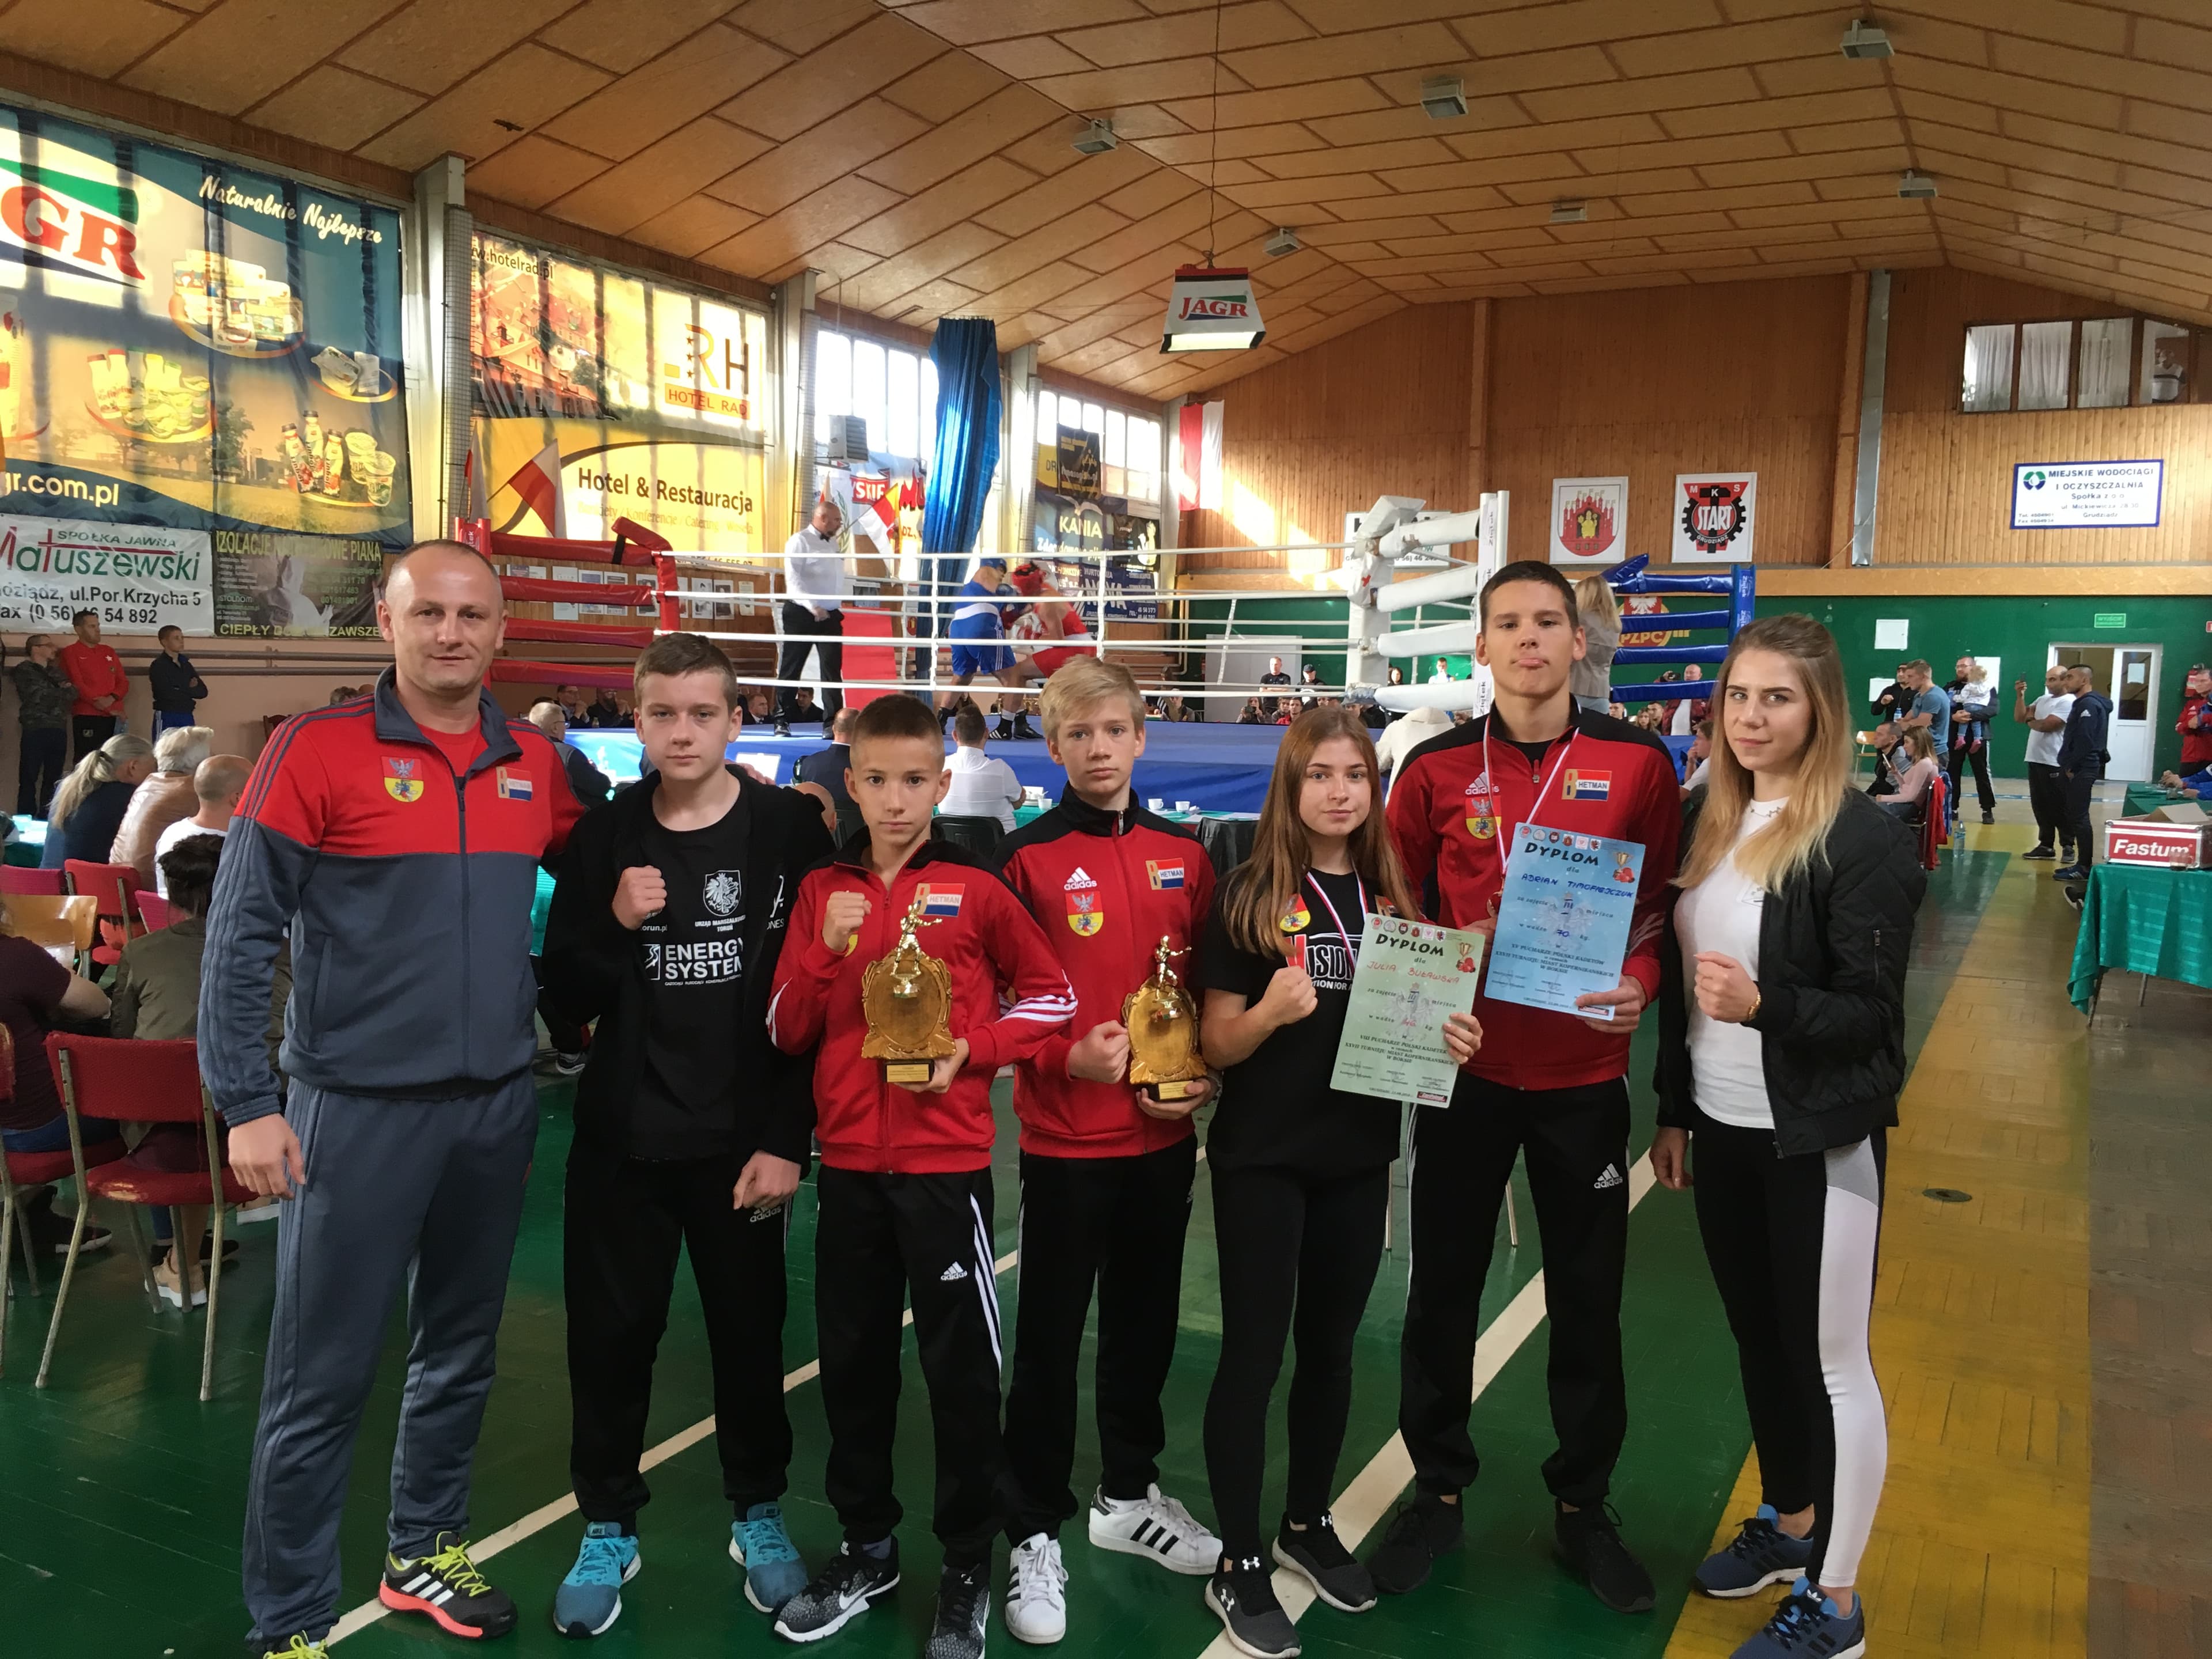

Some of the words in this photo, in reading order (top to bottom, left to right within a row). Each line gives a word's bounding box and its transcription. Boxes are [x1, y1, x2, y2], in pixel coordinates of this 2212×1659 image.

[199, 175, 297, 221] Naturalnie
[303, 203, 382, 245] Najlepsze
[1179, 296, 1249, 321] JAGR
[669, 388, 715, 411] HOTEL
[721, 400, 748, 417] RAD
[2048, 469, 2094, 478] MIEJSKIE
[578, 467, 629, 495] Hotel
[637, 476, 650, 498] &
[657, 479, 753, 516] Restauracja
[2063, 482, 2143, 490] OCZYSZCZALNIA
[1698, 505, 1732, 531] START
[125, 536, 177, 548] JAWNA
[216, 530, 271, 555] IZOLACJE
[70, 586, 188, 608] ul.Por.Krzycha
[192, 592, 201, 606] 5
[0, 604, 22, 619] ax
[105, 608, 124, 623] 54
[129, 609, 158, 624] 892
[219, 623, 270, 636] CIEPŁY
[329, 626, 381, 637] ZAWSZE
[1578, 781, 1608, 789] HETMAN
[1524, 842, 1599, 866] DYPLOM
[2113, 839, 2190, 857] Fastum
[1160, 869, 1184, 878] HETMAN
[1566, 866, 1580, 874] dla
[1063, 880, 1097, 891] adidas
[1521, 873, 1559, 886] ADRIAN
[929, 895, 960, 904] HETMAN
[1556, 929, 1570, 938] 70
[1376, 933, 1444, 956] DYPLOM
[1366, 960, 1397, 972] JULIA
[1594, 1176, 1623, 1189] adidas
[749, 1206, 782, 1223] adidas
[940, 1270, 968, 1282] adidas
════════════════
Task to complete: The entries are to be transcribed word for word, without their images.

Answer space:
Some of the words in this photo, in reading order (top to bottom, left to right within a row). Each line gives a word's bounding box and its transcription. Boxes are [x1, y1, x2, y2], in pixel coordinates of this 2212×1659 image.

[199, 175, 297, 221] Naturalnie
[303, 203, 382, 245] Najlepsze
[1179, 296, 1249, 321] JAGR
[669, 388, 715, 411] HOTEL
[721, 400, 748, 417] RAD
[2048, 469, 2094, 478] MIEJSKIE
[578, 467, 629, 495] Hotel
[637, 476, 650, 498] &
[657, 479, 753, 516] Restauracja
[2063, 482, 2143, 490] OCZYSZCZALNIA
[1698, 505, 1732, 531] START
[125, 536, 177, 548] JAWNA
[216, 530, 271, 555] IZOLACJE
[70, 586, 188, 608] ul.Por.Krzycha
[192, 592, 201, 606] 5
[0, 604, 22, 619] ax
[105, 608, 124, 623] 54
[129, 609, 158, 624] 892
[219, 623, 270, 636] CIEPŁY
[329, 626, 381, 637] ZAWSZE
[1578, 781, 1608, 789] HETMAN
[1524, 842, 1599, 866] DYPLOM
[2113, 839, 2190, 857] Fastum
[1160, 869, 1184, 878] HETMAN
[1566, 866, 1580, 874] dla
[1063, 880, 1097, 891] adidas
[1521, 873, 1559, 886] ADRIAN
[929, 895, 960, 904] HETMAN
[1556, 929, 1570, 938] 70
[1376, 933, 1444, 956] DYPLOM
[1366, 960, 1397, 972] JULIA
[1594, 1176, 1623, 1189] adidas
[749, 1206, 782, 1223] adidas
[940, 1270, 968, 1282] adidas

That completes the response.